The notes were issued under an Indenture between the Company and Computershare Trust Company, N.A. as successor to Wells Fargo Bank, National Association, as trustee (the “Trustee”), dated as of August 19, 2010 (the “Base Indenture”), as supplemented by the eighteenth supplemental indenture, dated as of August 5, 2024 (the “Eighteenth Supplemental Indenture” and, together with the Base Indenture, the “Indenture”). The Eighteenth Supplemental Indenture includes the form of the notes. The net proceeds of the offering of the notes are expected to be used for general corporate purposes, which may include working capital, capital expenditures, acquisitions, repayment of indebtedness, and other business opportunities.
The notes bear interest at the fixed rate of 5.000% per year and mature on August 5, 2034. Interest on the notes will be due semiannually on February 5 and August 5 of each year, commencing February 5, 2025. Prior to May 5, 2034 (three months prior to their maturity date) (the “Par Call Date”), the Company may redeem the notes at its option, in whole or in part, at any time and from time to time, at a redemption price equal to the greater of (i) the make-whole redemption price set forth in the notes less interest accrued to the date of redemption and (ii) 100% of the principal amount of the notes to be redeemed, plus, in either case, accrued and unpaid interest thereon to, but excluding, the redemption date. On or after the Par Call Date, the Company may redeem the notes, in whole or in part, at any time and from time to time, at a redemption price equal to 100% of the principal amount of the notes being redeemed plus accrued and unpaid interest thereon to, but excluding, the redemption date.
Additionally, at the option of the holders of the notes, the Company may be required to purchase all or a portion of the notes upon the occurrence of a “Change of Control Triggering Event” (as defined in the Indenture), at a price equal to 101% of the principal amount thereof, plus accrued and unpaid interest to the date of purchase.
The Indenture contains covenants that limit the ability of the Company and certain of its subsidiaries to, among other things, incur or create liens and enter into sale and leaseback transactions. In addition, the Indenture contains a covenant that limits the ability of the Company to consolidate or merge with another entity or to sell all or substantially all of its assets to another entity.

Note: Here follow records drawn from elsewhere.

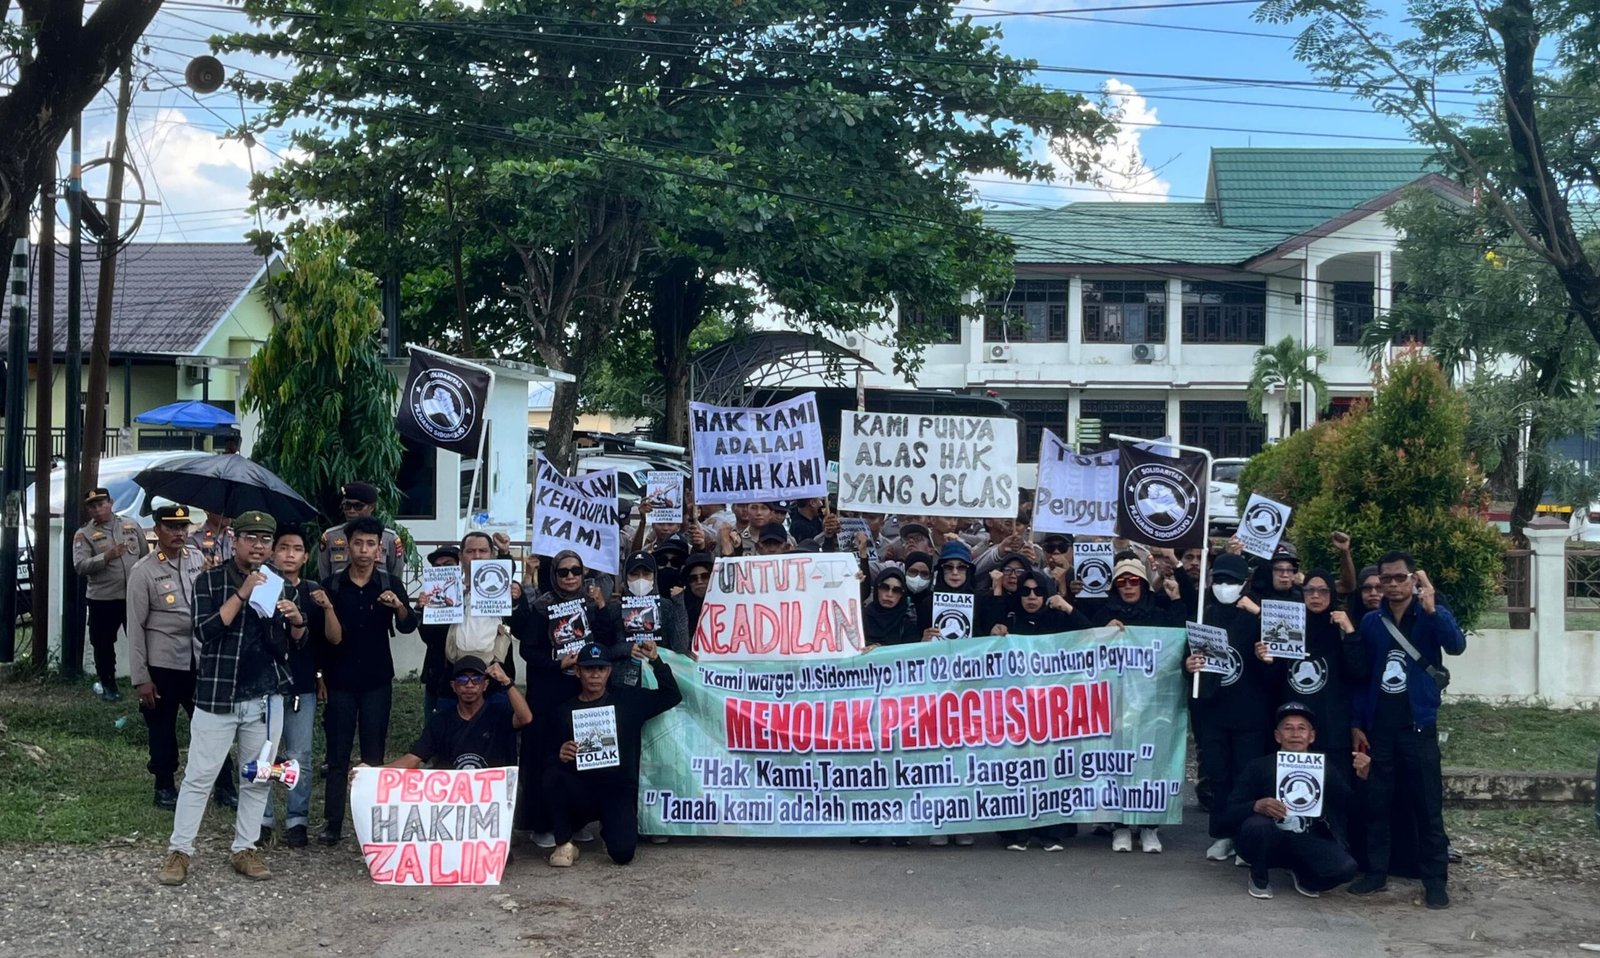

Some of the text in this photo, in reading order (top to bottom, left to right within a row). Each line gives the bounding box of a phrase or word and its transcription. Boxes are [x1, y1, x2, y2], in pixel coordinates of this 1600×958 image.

[414, 403, 433, 433] PEJUANG
[693, 401, 816, 432] HAK KAMI
[853, 413, 994, 441] KAMI PUNYA
[714, 430, 804, 455] ADALAH
[855, 441, 993, 471] ALAS HAK
[575, 474, 617, 498] KAMI
[698, 457, 821, 493] TANAH KAMI
[1140, 467, 1183, 482] SOLIDARITAS
[536, 485, 619, 526] KEHIDUPAN
[841, 472, 1012, 509] YANG JELAS
[541, 516, 601, 551] KAMI
[1129, 505, 1154, 535] PEJUANG
[1154, 518, 1191, 538] SIDOMULYO
[1075, 544, 1111, 552] TOLAK
[547, 598, 586, 611] SOLIDARITAS
[934, 594, 972, 604] TOLAK
[1263, 604, 1300, 612] SIDOMULYO
[693, 598, 861, 655] KEADILAN
[1263, 612, 1300, 620] SIDOMULYO
[699, 641, 1161, 697] "Kami warga Jl.Sidomulyo 1 RT 02 dan RT 03 Guntung Payung"
[574, 711, 610, 720] SIDOMULYO
[575, 720, 611, 728] SIDOMULYO
[725, 681, 1111, 750] MENOLAK PENGGUSURAN
[578, 750, 617, 763] TOLAK
[692, 758, 749, 787] "Hak
[756, 758, 888, 790] Kami,Tanah
[896, 756, 959, 786] kami.
[966, 755, 1046, 786] Jangan
[1054, 749, 1073, 777] di
[1081, 751, 1135, 778] gusur
[1278, 753, 1322, 765] TOLAK
[661, 792, 717, 822] Tanah
[724, 795, 772, 822] kami
[779, 794, 845, 822] adalah
[852, 800, 903, 822] masa
[910, 792, 969, 826] depan
[976, 789, 1025, 817] kami
[1031, 786, 1095, 818] jangan
[371, 802, 500, 843] HAKIM
[363, 841, 508, 885] ZALIM
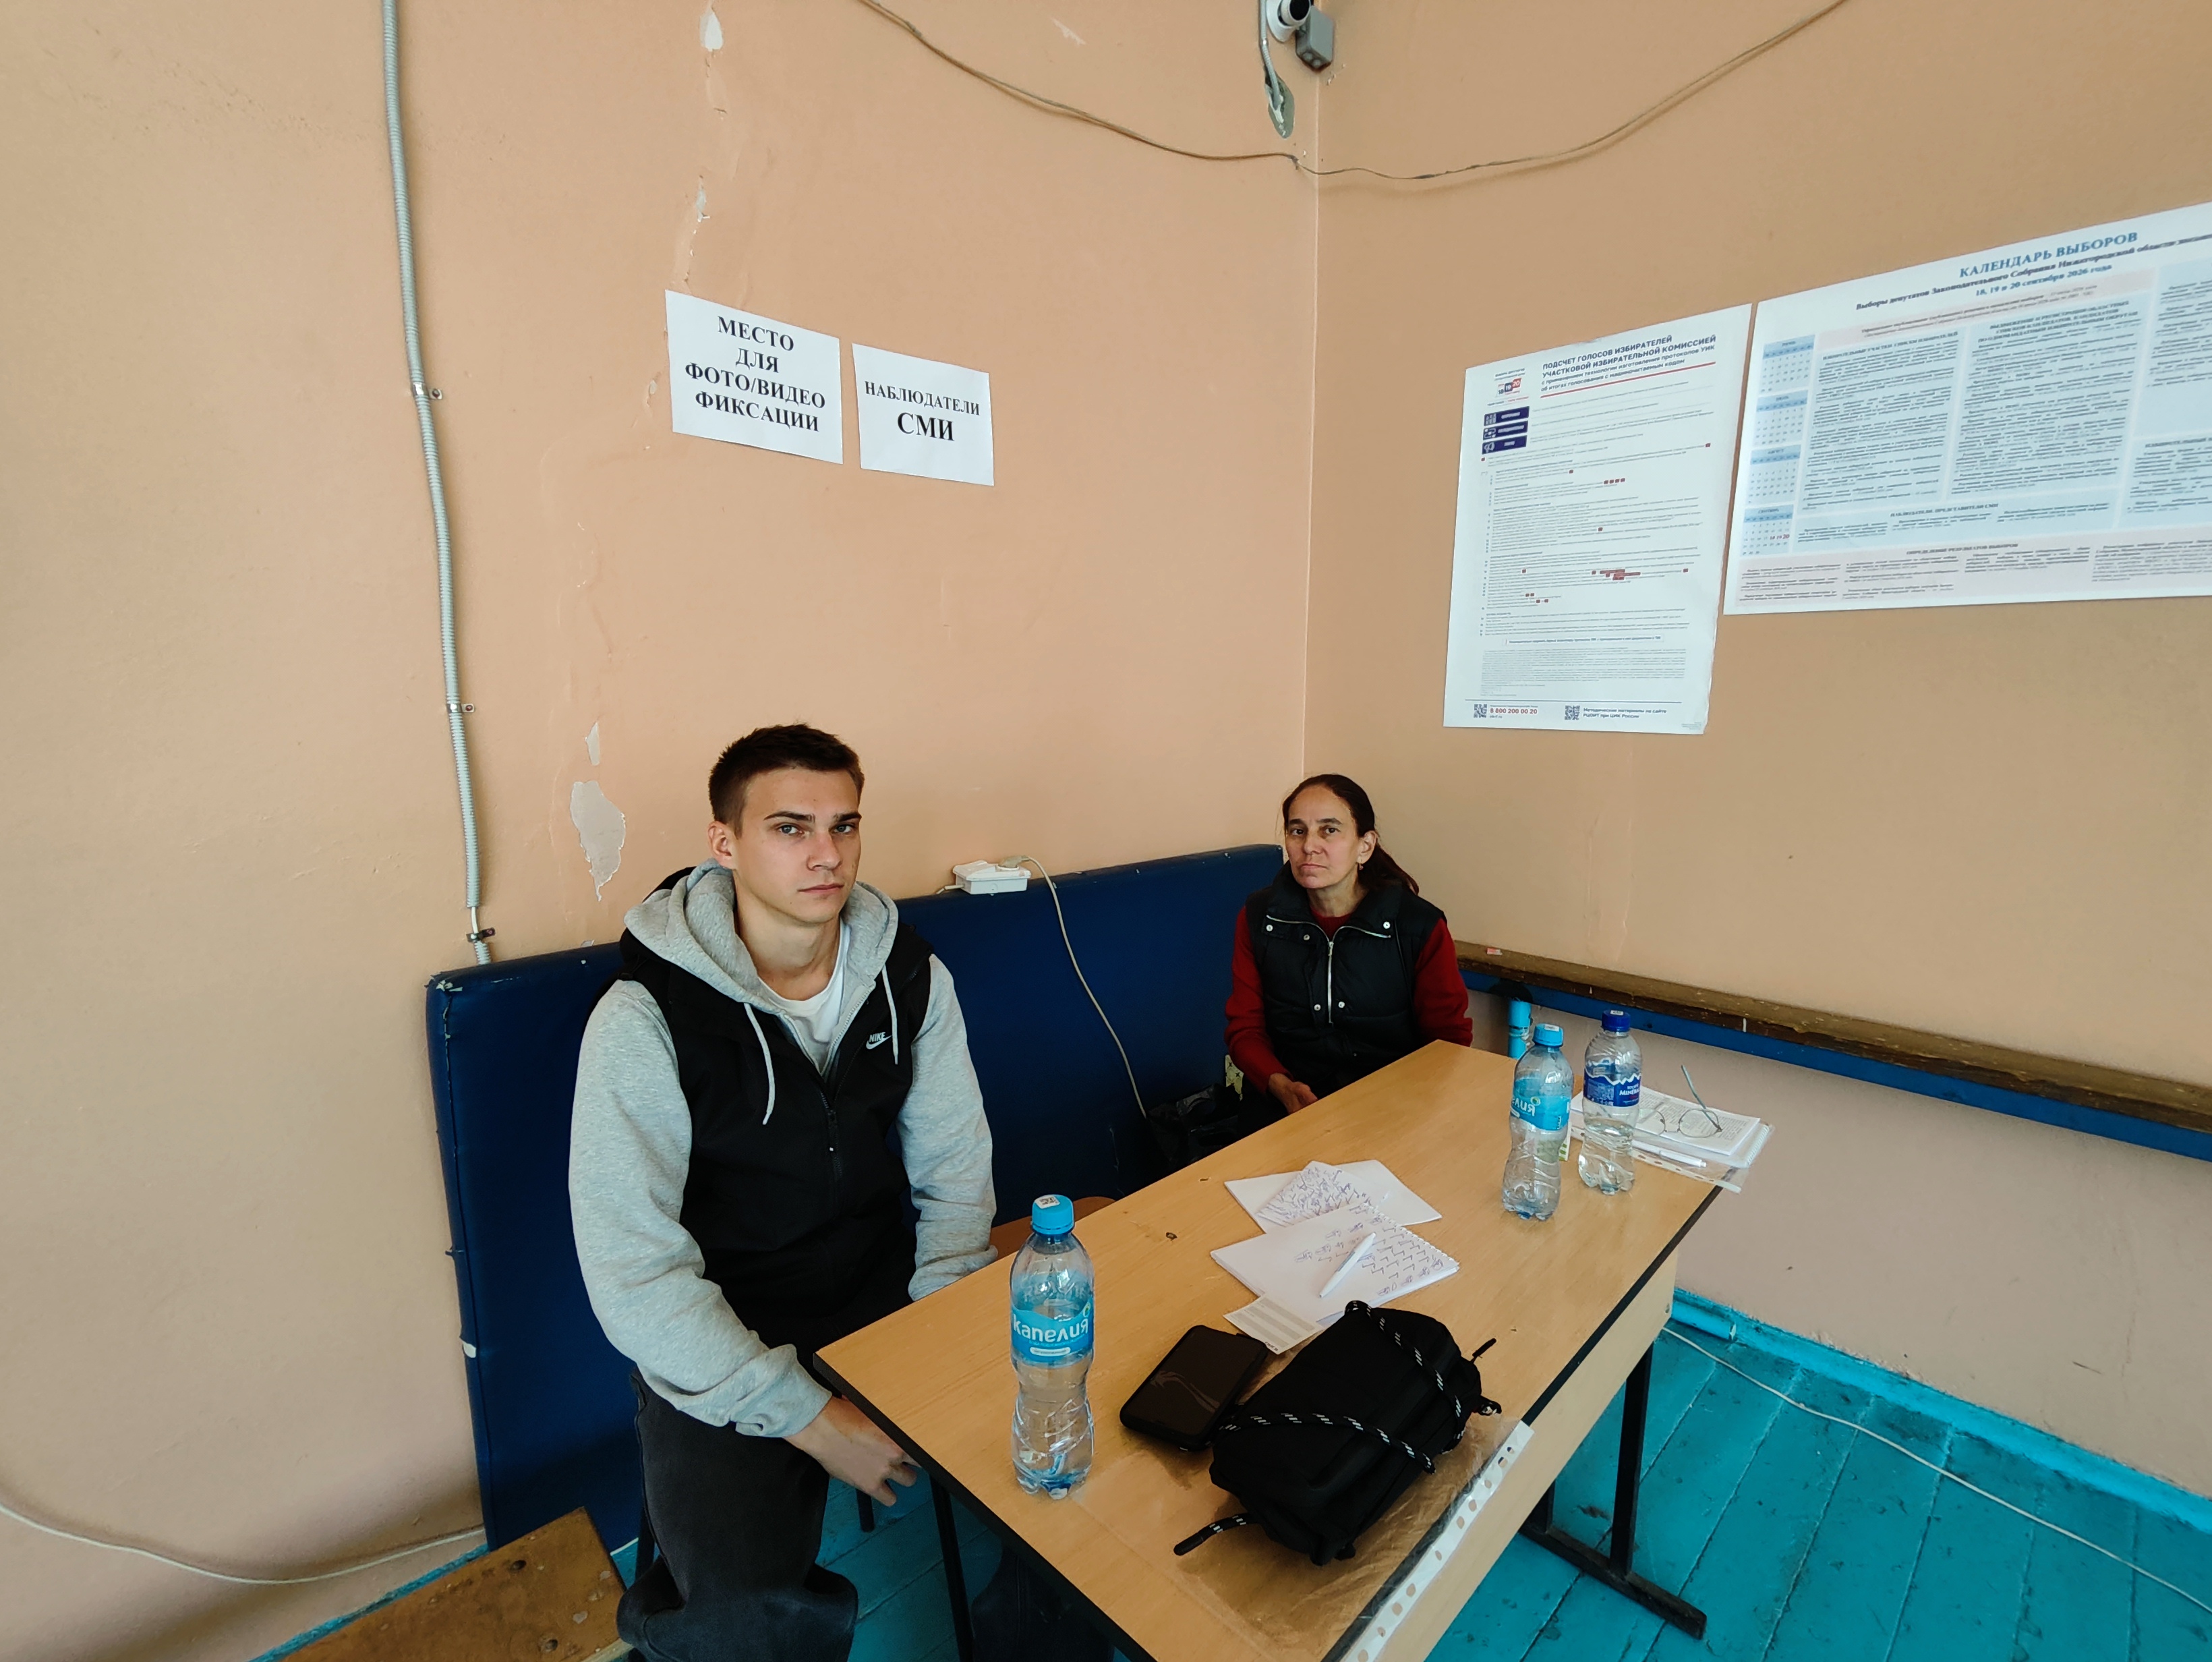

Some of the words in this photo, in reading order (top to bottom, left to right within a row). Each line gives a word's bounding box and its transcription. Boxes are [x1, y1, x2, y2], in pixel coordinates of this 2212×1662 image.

[1959, 250, 2052, 278] КАЛЕНДАРЬ
[2056, 232, 2138, 257] ВЫБОРОВ
[1856, 298, 1888, 310] Выборы
[1889, 289, 1930, 304] депутатов
[1931, 273, 2009, 294] Законодательного
[2010, 263, 2056, 278] Собрания
[2058, 247, 2135, 268] Нижегородской
[2010, 281, 2021, 289] 20
[2022, 273, 2064, 287] сентября
[2066, 268, 2089, 279] 2026
[2090, 264, 2112, 274] года
[718, 315, 794, 352] МЕСТО
[735, 347, 780, 374] ДЛЯ
[1542, 357, 1577, 370] ПОДСЧЕТ
[1577, 349, 1613, 363] ГОЛОСОВ
[1614, 335, 1672, 354] ИЗБИРАТЕЛЕЙ
[1542, 362, 1592, 378] УЧАСТКОВОЙ
[1592, 347, 1660, 368] ИЗБИРАТЕЛЬНОЙ
[1662, 334, 1717, 353] КОМИССИЕЙ
[1546, 372, 1583, 384] применением
[1584, 366, 1618, 376] технологии
[1619, 356, 1660, 369] изготовления
[1661, 349, 1699, 361] протоколов
[1701, 345, 1715, 353] УИК
[685, 362, 826, 409] ФОТО/ВИДЕО
[1567, 374, 1604, 387] голосования
[1609, 363, 1664, 378] машиночитаемым
[1664, 359, 1685, 367] кодом
[695, 391, 820, 432] ФИКСАЦИИ
[865, 381, 981, 416] НАБЛЮДАТЕЛИ
[897, 412, 955, 442] СМИ
[869, 1031, 886, 1043] NIKE
[1013, 1313, 1088, 1342] капелия
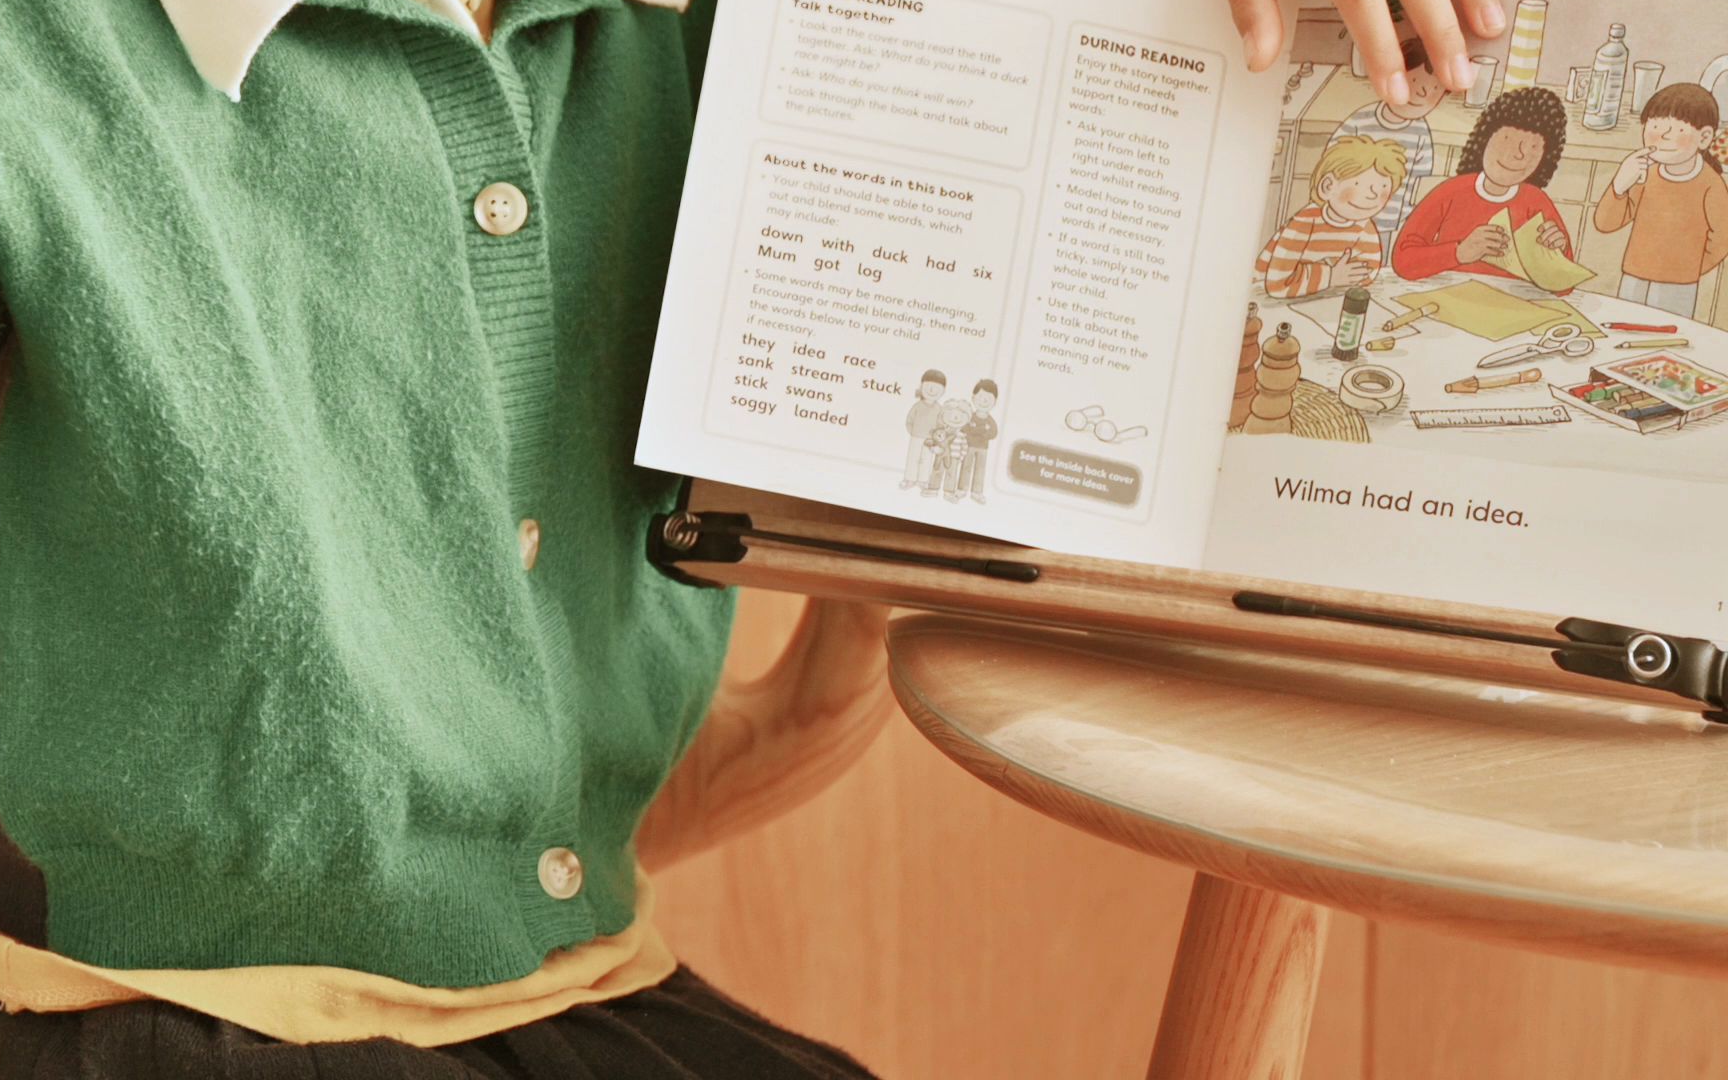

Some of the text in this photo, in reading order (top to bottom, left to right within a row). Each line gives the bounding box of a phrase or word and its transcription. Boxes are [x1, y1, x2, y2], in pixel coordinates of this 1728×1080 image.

[827, 4, 895, 25] together
[800, 18, 1003, 65] Look at the cover and read the title
[1080, 34, 1206, 73] DURING READING
[1077, 53, 1107, 73] Enjoy
[1110, 62, 1128, 75] the
[1131, 68, 1159, 84] story
[1074, 68, 1176, 102] If your child needs
[788, 84, 1009, 136] Look through the book and talk about
[1072, 86, 1180, 118] support to read the
[1077, 120, 1170, 150] Ask your child to
[1072, 152, 1164, 180] right under each
[1074, 137, 1171, 166] point from left to
[764, 153, 974, 202] About the words in this book
[1070, 167, 1100, 181] word
[1101, 173, 1135, 189] whilst
[773, 174, 973, 221] Your child should be able to sound
[1066, 183, 1182, 219] Model how to sound
[1062, 215, 1096, 231] words
[1098, 221, 1108, 233] if
[1064, 200, 1170, 232] out and blend new
[758, 244, 883, 283] Mum got log
[761, 225, 993, 280] down with duck had six
[1058, 231, 1165, 266] If a word is still too
[1053, 264, 1139, 291] whole word for
[1092, 256, 1128, 275] simply
[1130, 266, 1149, 280] say
[1152, 269, 1170, 283] the
[755, 268, 787, 284] Some
[789, 277, 825, 292] words
[827, 284, 854, 300] may
[856, 287, 871, 301] be
[874, 293, 905, 307] more
[749, 299, 921, 341] the words below to your child
[752, 283, 814, 307] Encourage
[816, 297, 830, 307] or
[832, 300, 869, 316] model
[930, 318, 956, 332] then
[959, 325, 987, 338] read
[1048, 296, 1136, 326] Use the pictures
[1045, 312, 1140, 342] to talk about the
[742, 332, 877, 370] they idea race
[1040, 344, 1131, 372] meaning of new
[1043, 328, 1149, 359] story and learn the
[735, 374, 833, 403] stick swans
[738, 355, 902, 396] sank stream stuck
[731, 395, 849, 426] soggy landed
[1020, 450, 1134, 484] See the inside back cover
[1040, 467, 1055, 479] for
[1056, 473, 1081, 485] more
[1275, 476, 1529, 528] Wilma had an idea.

The Indenture contains customary default provisions. In addition, an event of default will occur if the Company or certain of its subsidiaries fail to pay the principal of any Indebtedness (as defined in the Indenture) when due at maturity in an aggregate amount of $50 million or more, or a default occurs that results in the acceleration of the maturity of the Company’s or certain of its subsidiaries’ Indebtedness in an aggregate amount of $50 million or more. Upon the occurrence and during the continuation of an event of default under the Indenture, the notes may become immediately due and payable either automatically or by the vote of the holders of more than 25% of the aggregate principal amount of all of the notes of the applicable series then outstanding.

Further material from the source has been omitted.